Provided records -
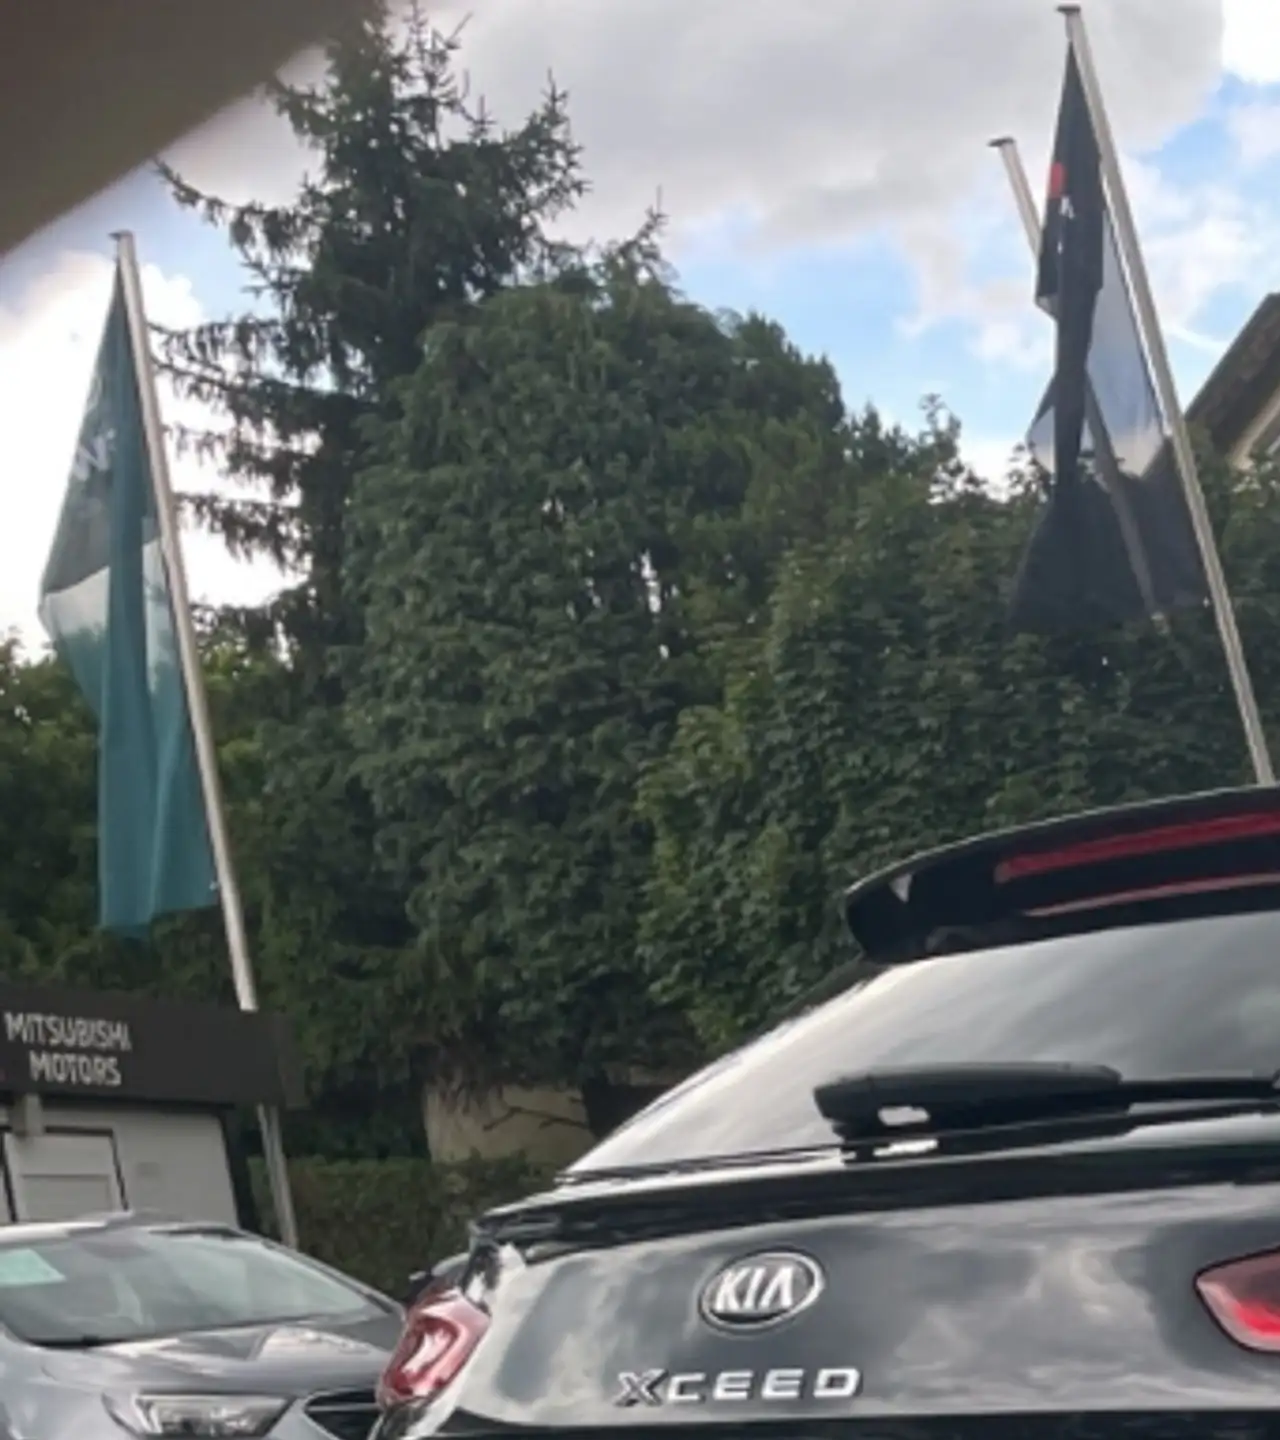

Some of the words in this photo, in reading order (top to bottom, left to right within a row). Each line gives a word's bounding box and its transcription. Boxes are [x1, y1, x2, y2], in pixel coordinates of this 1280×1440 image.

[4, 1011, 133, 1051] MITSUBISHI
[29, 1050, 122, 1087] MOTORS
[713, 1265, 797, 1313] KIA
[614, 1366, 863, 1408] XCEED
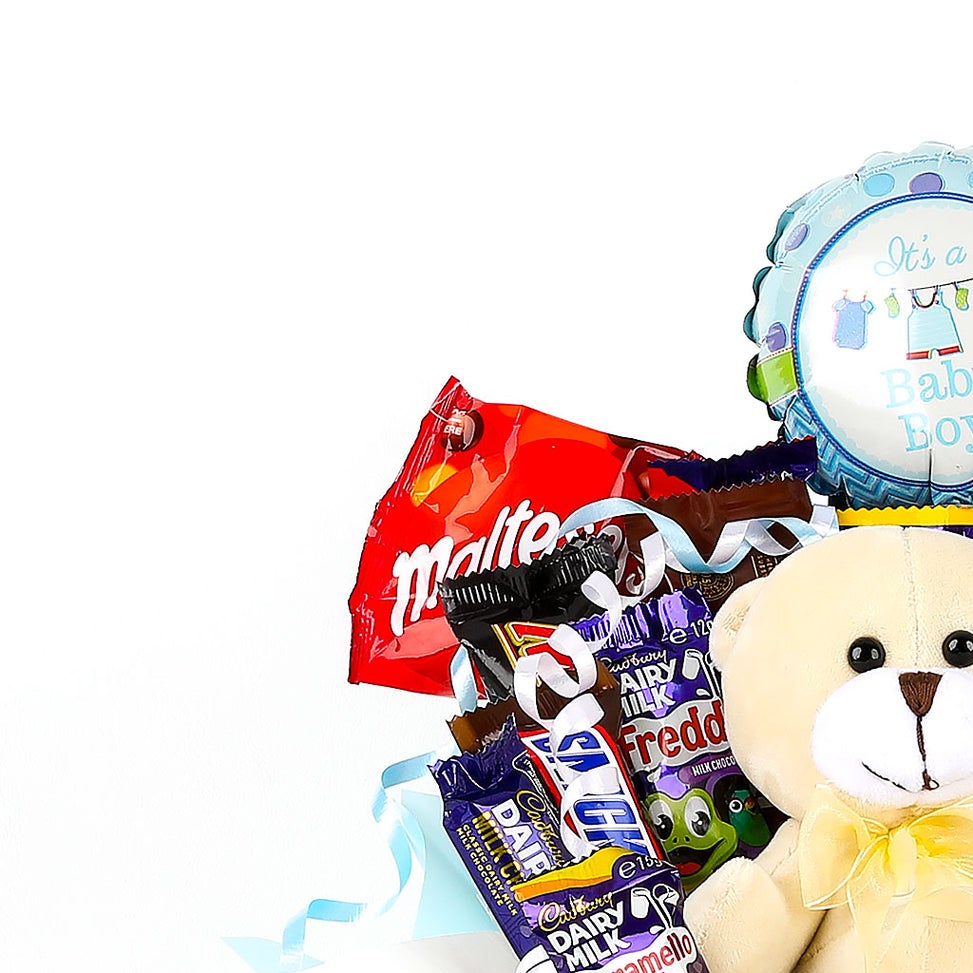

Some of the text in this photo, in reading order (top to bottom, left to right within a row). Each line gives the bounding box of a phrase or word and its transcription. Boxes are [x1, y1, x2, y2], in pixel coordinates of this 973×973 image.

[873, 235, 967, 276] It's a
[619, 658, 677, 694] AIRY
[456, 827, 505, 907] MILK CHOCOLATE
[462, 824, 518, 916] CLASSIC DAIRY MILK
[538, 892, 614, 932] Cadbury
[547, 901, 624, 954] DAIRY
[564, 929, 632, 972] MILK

Task item - Write the "Some of the text" line and all later lines exactly. Stop at the end of the data.

Exercise solution -
Some of the text in this photo, in reading order (top to bottom, left to right within a row). Each line gives the bounding box of a phrase or word and its transcription. Boxes are [x1, y1, x2, y2], in pixel coordinates of this 973×973 image.

[873, 235, 967, 276] It's a
[619, 658, 677, 694] AIRY
[456, 827, 505, 907] MILK CHOCOLATE
[462, 824, 518, 916] CLASSIC DAIRY MILK
[538, 892, 614, 932] Cadbury
[547, 901, 624, 954] DAIRY
[564, 929, 632, 972] MILK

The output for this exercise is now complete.